Davis also claimed that “Black people do have a unique — and often authoritative — view on what is racist” and complained about “micro-aggressions” against “non-English names” as evidence of “white supremacy.”

This is a man who divided the world into racial categories and assigned moral worth based on skin color. And Harvard made him responsible for student life.

Why Now?

Davis got away with this for years. Why did Harvard finally act?

The Trump administration has been putting pressure on universities. Federal funding has been threatened. DEI programs are being scrutinized. The political protection that shielded people like Davis is evaporating.

Harvard isn’t firing Davis because they think he was wrong. They’re firing him because keeping him became more expensive than letting him go.

If Hillary Clinton had won in 2016, Davis would still be posting about “whiteness” and “hating the police” without consequence. The only thing that changed is who controls the federal government — and the funding spigot.

The Replacement

Harvard appointed Emilie Raymer as interim resident dean. No word yet on whether she’s publicly wished death on any presidents or endorsed rioting as democracy.

The bar is pretty low at this point.

The Bigger Problem

Gregory Davis isn’t an anomaly. He’s a symptom.

Elite universities are filled with administrators and professors who share his views. They just learned to be more careful about posting them publicly.

The ideology that “whiteness” is inherently destructive, that police should be hated, that rioting is legitimate political expression — this is mainstream thinking in academic circles. Davis’s only mistake was saying it out loud where normal people could see.

For every Gregory Davis who gets caught, there are dozens more who keep their social media clean while teaching the same ideas in classrooms and enforcing them in administrative decisions.

Firing one dean doesn’t fix Harvard. It just teaches the others to be more discreet.

The Student Perspective

Think about what Harvard students learned from Gregory Davis’s tenure.

They learned that hating police is acceptable — encouraged, even. They learned that “whiteness” is an evil to be denounced. They learned that political violence is just another form of democratic participation.

And they learned that expressing these views won’t cost you anything — at least not until the wrong people notice.

These students will graduate and move into positions of power throughout American society. They’ll bring Davis’s ideology with them. They’ll hire, fire, and promote based on the racial categories he taught them to worship.

One dean got fired. The damage he did continues.

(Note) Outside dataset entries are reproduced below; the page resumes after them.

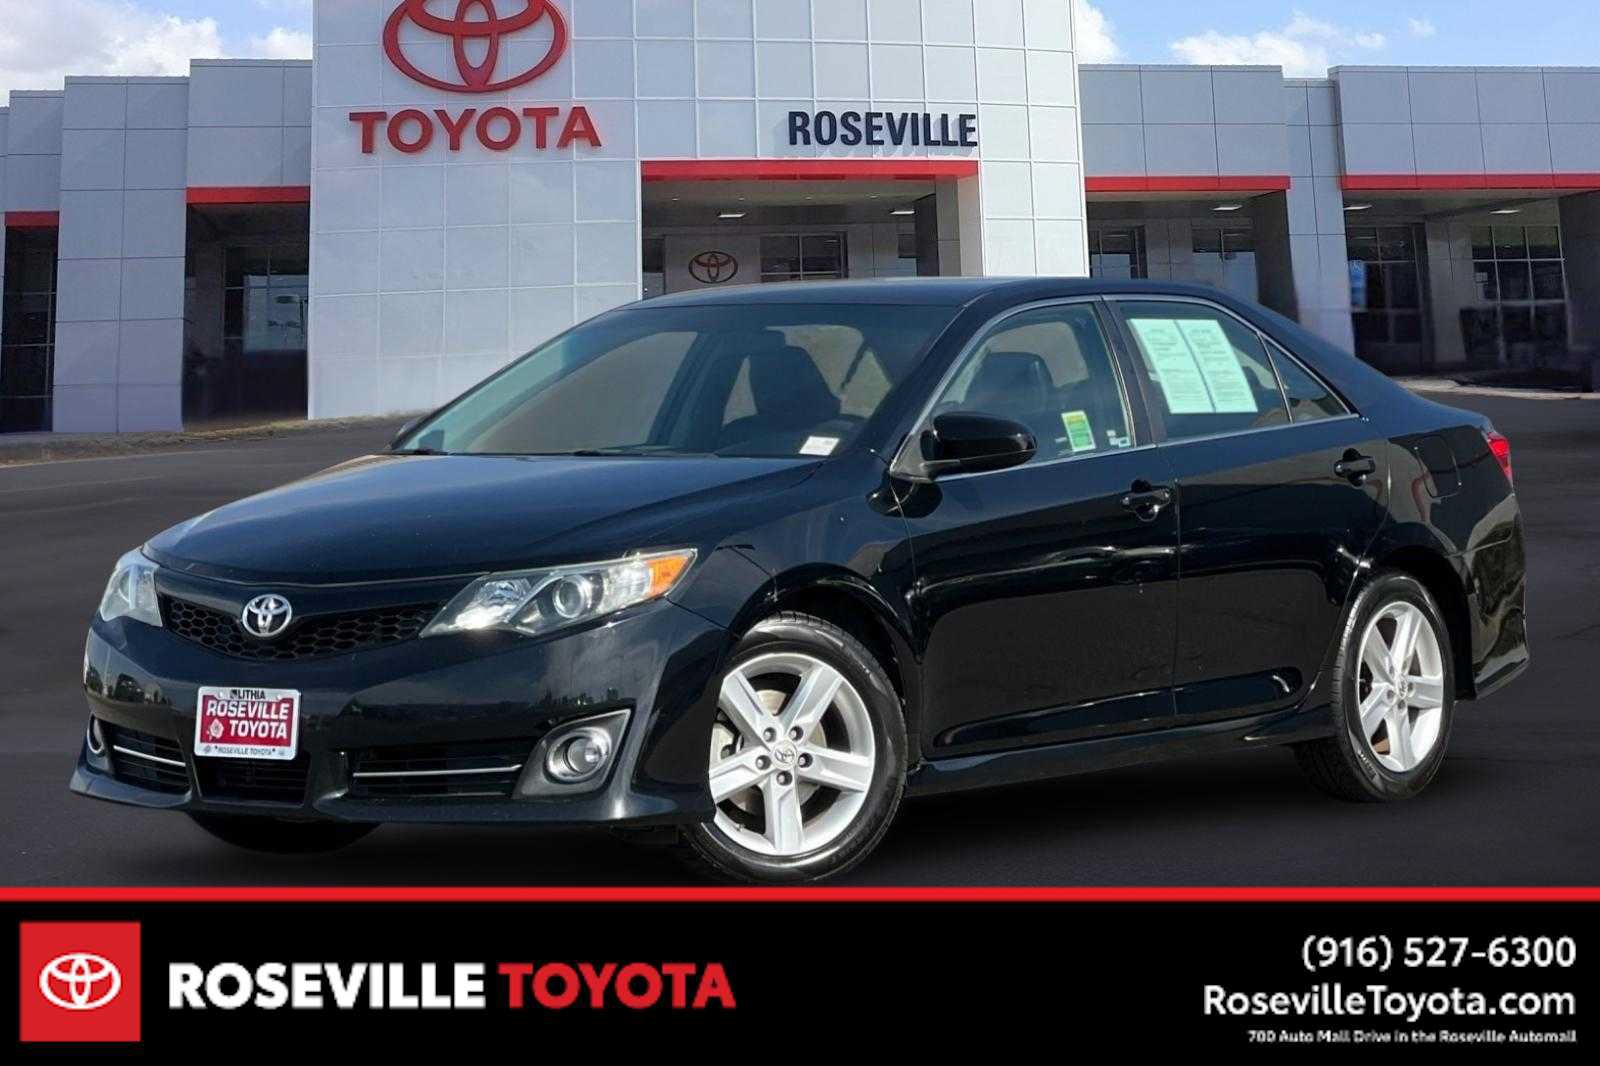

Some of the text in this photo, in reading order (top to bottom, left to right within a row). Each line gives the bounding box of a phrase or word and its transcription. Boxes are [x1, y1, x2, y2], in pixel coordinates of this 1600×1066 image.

[349, 106, 602, 154] TOYOTA
[788, 111, 978, 147] ROSEVILLE
[238, 689, 266, 700] LITHIA
[206, 700, 290, 719] ROSEVILLE
[229, 720, 287, 739] TOYOTA

What Accountability Looks Like

Harvard’s statement, such as it was, confirms only that “Gregory Davis is no longer serving” in his role.

No apology to the students he was supposed to serve impartially. No acknowledgment that his posts were wrong. No explanation for why he was allowed to remain in his position for years after posting this content.

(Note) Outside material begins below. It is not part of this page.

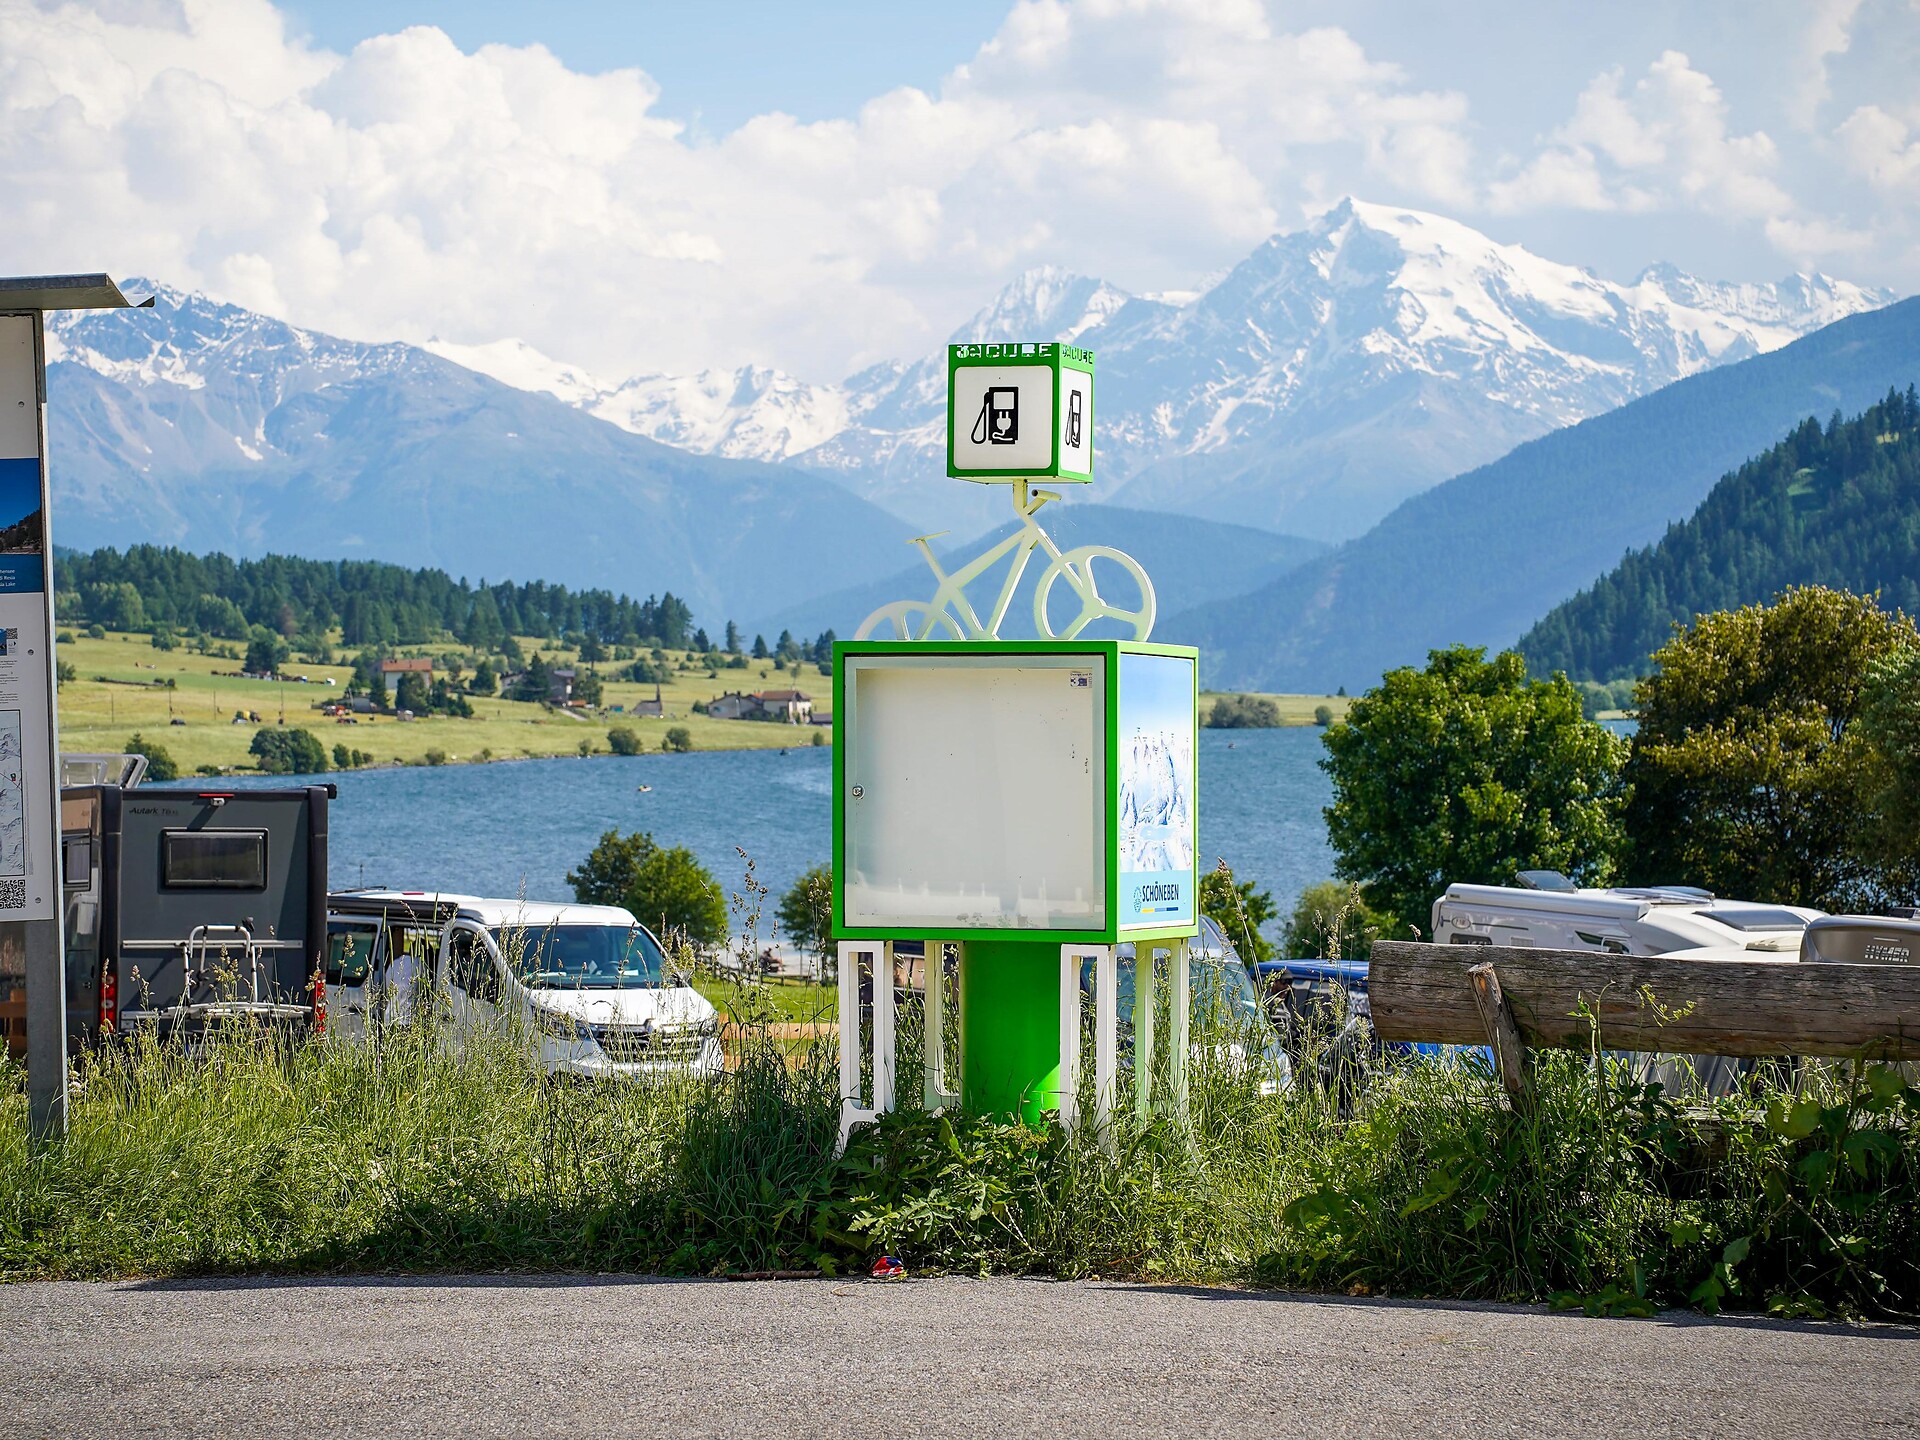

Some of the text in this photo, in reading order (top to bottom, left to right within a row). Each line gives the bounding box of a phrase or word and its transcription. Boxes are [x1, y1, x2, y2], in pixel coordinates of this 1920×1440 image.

[129, 807, 158, 815] Autark
[1142, 881, 1179, 902] SCHÖNEBEN
[1864, 945, 1910, 962] HYMER

Just a quiet removal and a hope that everyone moves on.

That’s not accountability. That’s damage control.

Real accountability would mean examining how Davis got hired in the first place. What vetting process approved someone with these views for a position mentoring students? Who else passed through the same process?

Harvard won’t ask those questions. The answers would be too embarrassing.

The Bottom Line

Gregory Davis is gone from Harvard. His deleted Twitter account suggests he knows he went too far.

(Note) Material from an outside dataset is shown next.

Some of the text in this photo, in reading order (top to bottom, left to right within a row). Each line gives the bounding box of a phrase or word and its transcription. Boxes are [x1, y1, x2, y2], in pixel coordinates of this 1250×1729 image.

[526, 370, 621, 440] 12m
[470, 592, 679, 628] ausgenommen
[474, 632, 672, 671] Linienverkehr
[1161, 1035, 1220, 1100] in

But the ideology he represents isn’t going anywhere. The belief that America is fundamentally racist, that police are enemies, that political violence is justified, that “whiteness” is a disease — these ideas are the water elite universities swim in.

Davis just made the mistake of saying it where everyone could see.

The next Gregory Davis will be smarter. He’ll keep his real views private. He’ll say the right things in public while teaching the same poison behind closed doors.

And Harvard will keep cashing the tuition checks, producing graduates who believe exactly what Gregory Davis believed.

One dean fired. The factory keeps running.